WASHINGTON — Cecilia Malmström, trade commissioner at the European Commission, said Monday that the European Union and U.S. have made progress in advancing the Transatlantic Trade and Investment Partnership negotiations. But Malmström acknowledged there are several thorny issues and political obstacles that must be overcome on both sides of the Atlantic.
Malmström, in a speech here at the Center for Strategic and International Studies, also outlined the European Union’s broader trade goals, which include strengthening labor protections and making supply chains more responsible. The EC is the executive body of the EU.
Negotiators wrapped up the ninth round of T-TIP talks in New York last week. Retailers and brands are interested in seeing the two sides eliminate tariffs on imports; streamline regulations; remove burdensome technical barriers, and eliminate redundancies in areas such as Customs procedures, product safety testing and certification, and labeling requirements. The U.S. and EU had $650 billion in two-way goods trade in 2013.
Standards and regulations covering cosmetics and chemicals have long been a source of friction between the U.S. and EU.

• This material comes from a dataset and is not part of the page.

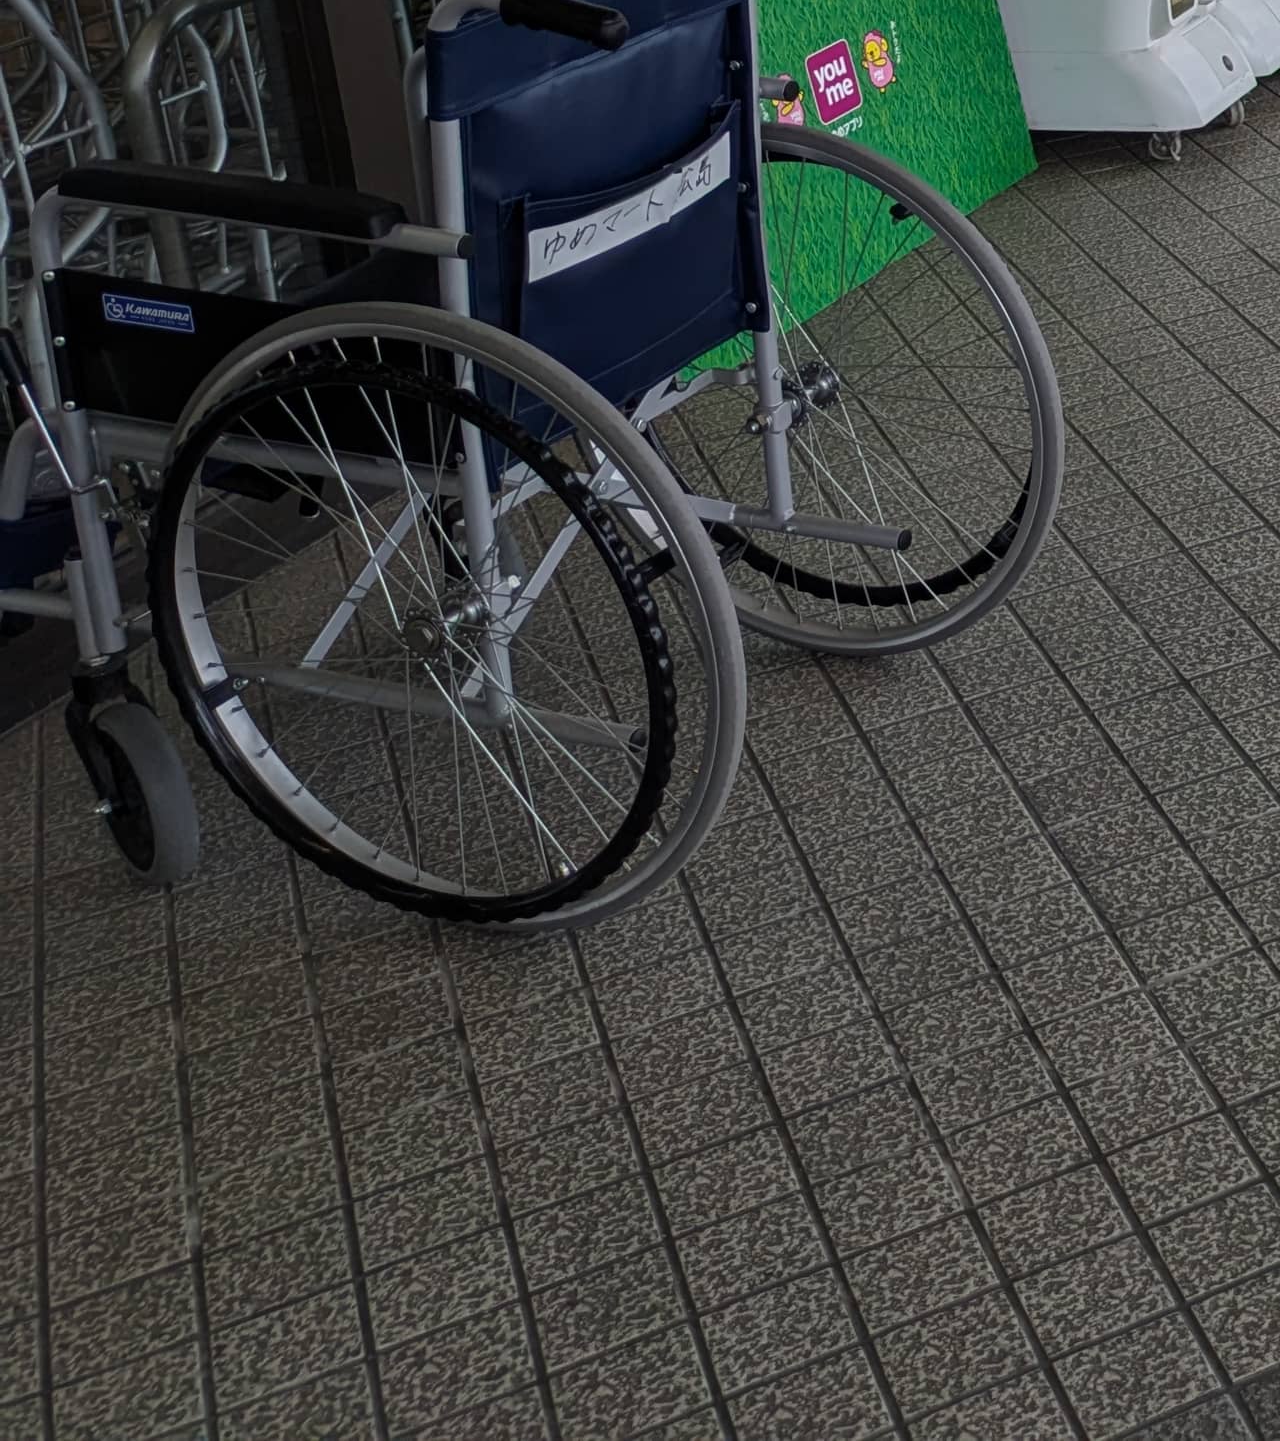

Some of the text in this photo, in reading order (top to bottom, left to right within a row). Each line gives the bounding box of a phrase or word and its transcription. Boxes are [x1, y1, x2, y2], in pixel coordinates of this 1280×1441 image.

[814, 56, 847, 93] you
[826, 77, 854, 106] me
[125, 303, 190, 322] KAWAMURA

Malmström, who also met with U.S. Trade Representative Michael Froman on Monday, said negotiators made “good technical progress” toward regulatory convergence, but noted the talks will “take time.”
“We have identified eight to nine different sectors where we think there is scope to recognize each other’s standards, including the car sector, cosmetics, engineering and medical devices,” she said, noting that negotiators aim to eliminate redundancies in testing while also protecting hard-fought legal standards.

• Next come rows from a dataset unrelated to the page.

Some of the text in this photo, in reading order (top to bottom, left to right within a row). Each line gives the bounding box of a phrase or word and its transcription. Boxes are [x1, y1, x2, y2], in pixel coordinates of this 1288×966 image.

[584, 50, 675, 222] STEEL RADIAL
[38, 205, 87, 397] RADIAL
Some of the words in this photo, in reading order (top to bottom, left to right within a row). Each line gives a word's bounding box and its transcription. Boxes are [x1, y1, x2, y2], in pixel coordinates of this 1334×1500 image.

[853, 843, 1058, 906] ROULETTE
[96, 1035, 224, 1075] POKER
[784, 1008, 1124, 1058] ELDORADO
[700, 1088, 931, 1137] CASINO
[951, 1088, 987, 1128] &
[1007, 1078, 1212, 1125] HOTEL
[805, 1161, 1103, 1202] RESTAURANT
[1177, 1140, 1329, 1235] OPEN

Malmström said she hopes to see results on regulatory convergence by the fall. But political headwinds in the U.S. and EU have also impacted the T-TIP talks. One of the most contentious issues confronting negotiators is a provision that allows foreign investors to sue governments through arbitration. Malmström said she plans to present new ideas to address concerns to the EU Parliament this week.
The Obama administration’s focus on obtaining Congressional passage of two other trade measures — Trade Promotion Authority and the Trans-Pacific Partnership agreement between the U.S. and 11 Asia-Pacific countries — has also impacted T-TIP talks, she noted.
“We are following that process very closely,” Malmström said. “I know it’s an intense debate here….That is one reason I wanted to be here in May to discuss with Mike Froman and his team and get his sense of this….It is very difficult for us to have a position on the individual paragraphs and amendments….We hope TPA and TPP can be concluded quite soon. Even if T-TIP has a parallel negotiating track, of course, it cannot be concluded before Congress has agreed on TPA.”